If you, or a member of your family, are between the ages of 20 and 69 please consider joining us to help serve the community in which we live. Just ring the Parish Hall on 854724 for more information.
|22/07/2014||At Your Service|
In the past, the Parish Welfare system had been the safety net for the more vulnerable in our society, and had been in existence for many years. In January of 2008, it was replaced by the new Income Support system administered centrally by the Ministry of Social Security. The new system has simplified the payment of benefits and is generally fairer, easier to understand.
But the old Parish welfare system was not just about money, it was equally about the Constable and his staff knowing and talking with the people who needed support to help them live independently in the community. Many used to attend the Parish Hall on a weekly basis not just to collect their money, but also for a general chat and discussion of any problems that may be bothering them. In this way a good rapport was established between parishioners and the Parish Hall staff. With the introduction of centrally-administered Income Support, this sort of personal contact has been lost, and with it some of the community benefits the Parishes could offer.

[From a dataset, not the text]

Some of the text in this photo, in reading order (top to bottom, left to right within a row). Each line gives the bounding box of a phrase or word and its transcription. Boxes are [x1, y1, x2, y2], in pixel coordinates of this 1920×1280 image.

The valuable tradition of help in the community has been rekindled in the parish of St Clement by the establishment of a Community Support Team consisting of some now 45 dedicated and caring volunteers with a wide spectrum of experience and expertise, led by its Chairman, Chris Le Cornu – a former member of the Parish Welfare Committee.

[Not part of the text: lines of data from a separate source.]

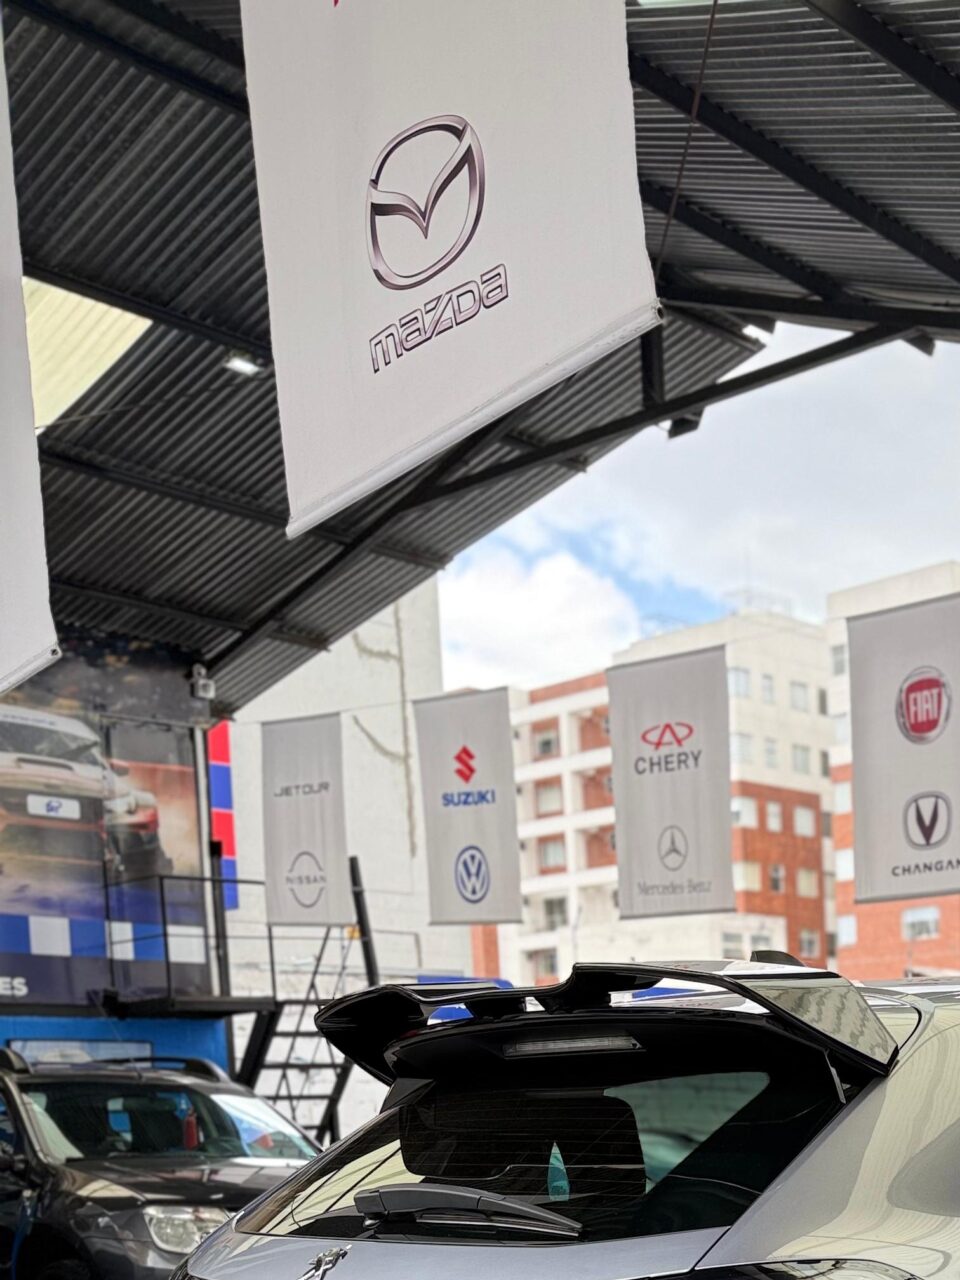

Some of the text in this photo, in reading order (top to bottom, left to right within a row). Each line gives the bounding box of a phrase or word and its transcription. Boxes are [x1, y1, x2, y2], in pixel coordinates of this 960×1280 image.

[908, 687, 941, 725] FIAT
[634, 749, 703, 775] CHERY
[273, 781, 330, 798] JETOUR
[441, 789, 496, 807] SUZUKI
[286, 874, 327, 886] NISSAN

Support is offered in whatever way is appropriate to the needs of the individual, perhaps in lifts to the Hospital or GP for appointments, assisting with shopping, completing application forms, or simply being a friendly face to chat with. In some cases, people need only be pointed in the direction of a more appropriate agency, such as Citizens’ Advice Bureau, for best advice on their particular problem, such as budgeting. But whatever the need, the St Clement Community Support team will be there and available to give advice.
Indeed the Team has now assisted in one way or another 400 families in the parish.